# ASSIGNMENT:
All lines from the one including "this 2000×1333 image." to the bottom of the entries below should be repeated exactly, both ends kept.

# TASK INPUT:

***

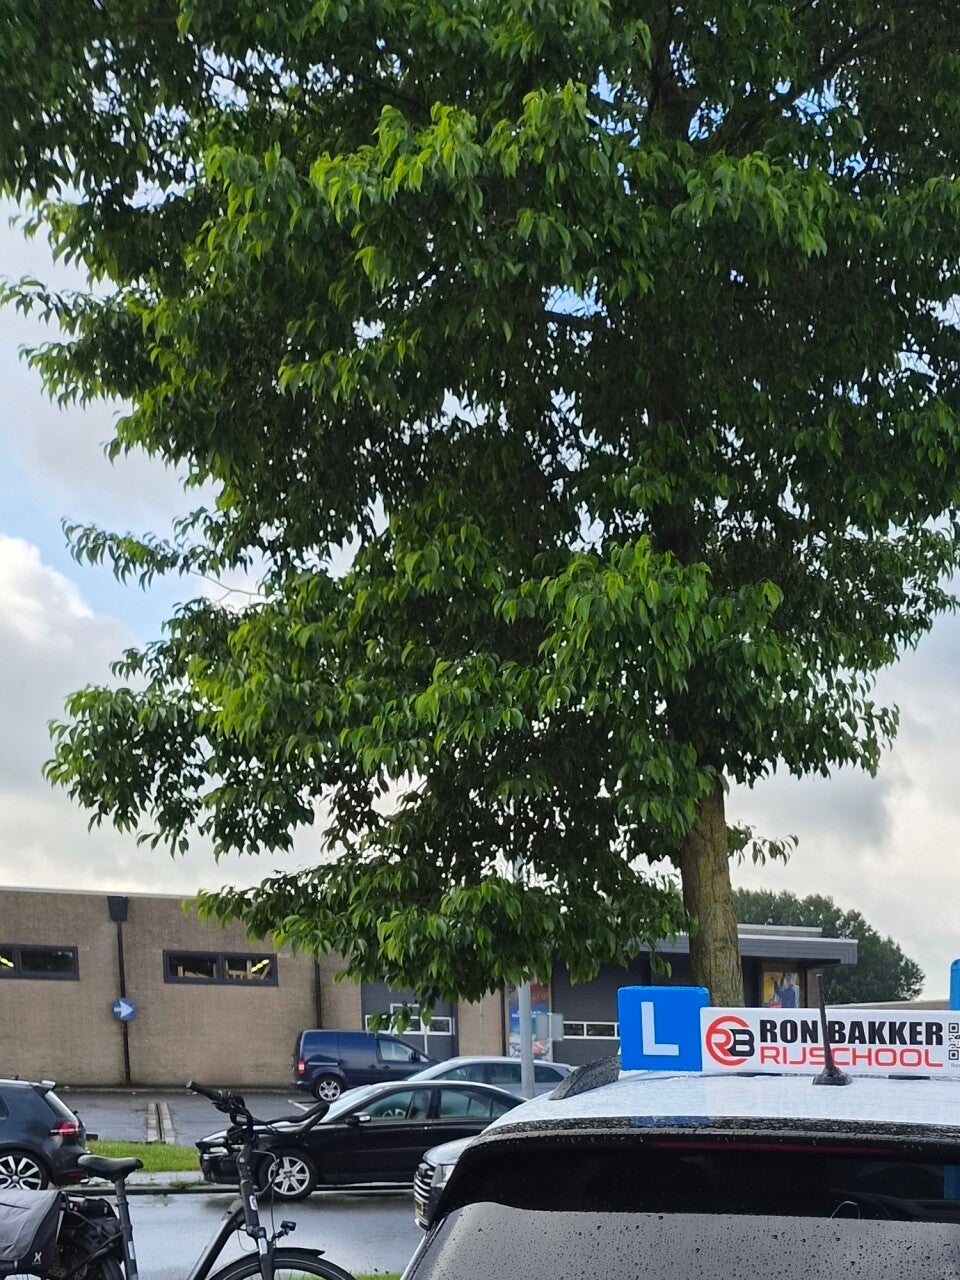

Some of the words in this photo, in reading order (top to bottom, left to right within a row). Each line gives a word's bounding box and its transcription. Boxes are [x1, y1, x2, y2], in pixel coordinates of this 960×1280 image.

[641, 1001, 680, 1056] L
[759, 1019, 818, 1043] RON
[827, 1020, 943, 1046] BAKKER
[760, 1046, 943, 1068] RIJSCHOOL
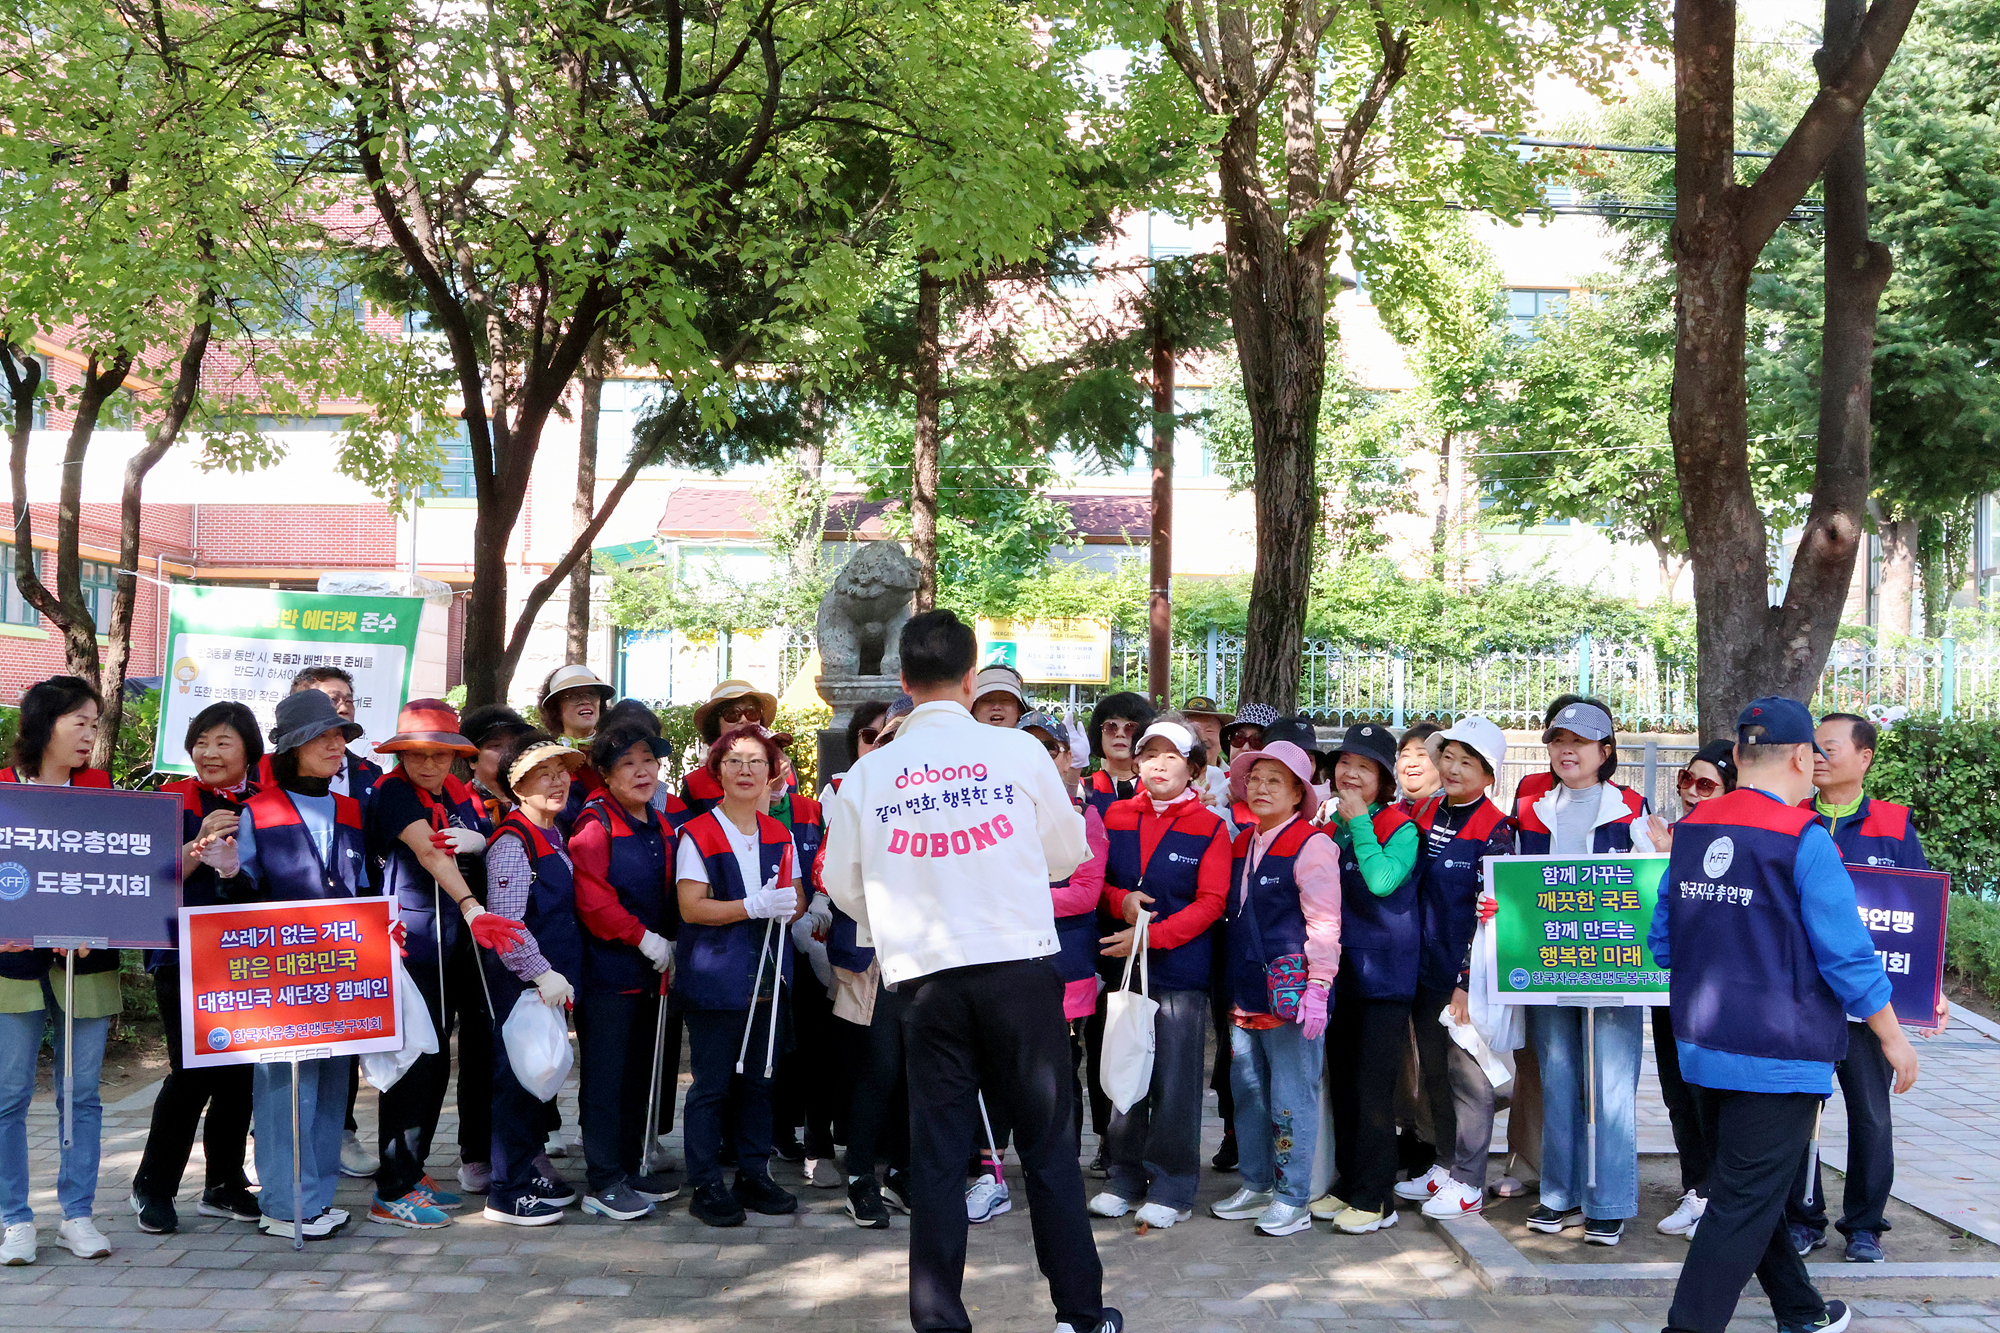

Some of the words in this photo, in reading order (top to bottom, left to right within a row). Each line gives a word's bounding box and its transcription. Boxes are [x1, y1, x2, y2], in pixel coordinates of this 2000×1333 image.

[302, 609, 357, 632] 에티켓
[360, 612, 397, 633] 준수
[234, 649, 255, 662] 동반
[257, 651, 269, 664] 시,
[273, 652, 301, 665] 목줄과
[303, 654, 342, 667] 배변봉투
[344, 656, 373, 668] 준비를
[234, 665, 264, 678] 반드시
[194, 686, 212, 698] 또한
[215, 687, 256, 700] 반려동물의
[259, 690, 279, 702] 잦은
[895, 763, 988, 789] dobong
[875, 804, 902, 823] 같이
[942, 786, 988, 809] 행복한
[993, 784, 1014, 805] 도봉
[0, 827, 151, 856] 한국자유총연맹
[887, 814, 1014, 858] DOBONG
[36, 872, 150, 897] 도봉구지회
[1542, 865, 1577, 886] 함께
[1581, 865, 1634, 885] 가꾸는
[1537, 890, 1596, 912] 깨끗한
[1600, 890, 1641, 912] 국토
[1680, 881, 1753, 906] 한국자유총연맹
[220, 926, 276, 949] 쓰레기
[280, 924, 317, 945] 없는
[321, 920, 363, 943] 거리,
[1544, 921, 1579, 941] 함께
[1582, 921, 1636, 941] 만드는
[229, 956, 271, 981] 밝은
[276, 949, 358, 976] 대한민국
[1539, 945, 1598, 968] 행복한
[1602, 945, 1642, 967] 미래
[198, 988, 273, 1013] 대한민국
[277, 983, 331, 1006] 새단장
[335, 977, 389, 1001] 캠페인
[233, 1016, 382, 1044] 한국자유총연맹도봉구지회

***

# ANSWER TO THIS PROBLEM:
Some of the words in this photo, in reading order (top to bottom, left to right within a row). Each line gives a word's bounding box and its transcription. Boxes are [x1, y1, x2, y2], in pixel coordinates of this 2000×1333 image.

[302, 609, 357, 632] 에티켓
[360, 612, 397, 633] 준수
[234, 649, 255, 662] 동반
[257, 651, 269, 664] 시,
[273, 652, 301, 665] 목줄과
[303, 654, 342, 667] 배변봉투
[344, 656, 373, 668] 준비를
[234, 665, 264, 678] 반드시
[194, 686, 212, 698] 또한
[215, 687, 256, 700] 반려동물의
[259, 690, 279, 702] 잦은
[895, 763, 988, 789] dobong
[875, 804, 902, 823] 같이
[942, 786, 988, 809] 행복한
[993, 784, 1014, 805] 도봉
[0, 827, 151, 856] 한국자유총연맹
[887, 814, 1014, 858] DOBONG
[36, 872, 150, 897] 도봉구지회
[1542, 865, 1577, 886] 함께
[1581, 865, 1634, 885] 가꾸는
[1537, 890, 1596, 912] 깨끗한
[1600, 890, 1641, 912] 국토
[1680, 881, 1753, 906] 한국자유총연맹
[220, 926, 276, 949] 쓰레기
[280, 924, 317, 945] 없는
[321, 920, 363, 943] 거리,
[1544, 921, 1579, 941] 함께
[1582, 921, 1636, 941] 만드는
[229, 956, 271, 981] 밝은
[276, 949, 358, 976] 대한민국
[1539, 945, 1598, 968] 행복한
[1602, 945, 1642, 967] 미래
[198, 988, 273, 1013] 대한민국
[277, 983, 331, 1006] 새단장
[335, 977, 389, 1001] 캠페인
[233, 1016, 382, 1044] 한국자유총연맹도봉구지회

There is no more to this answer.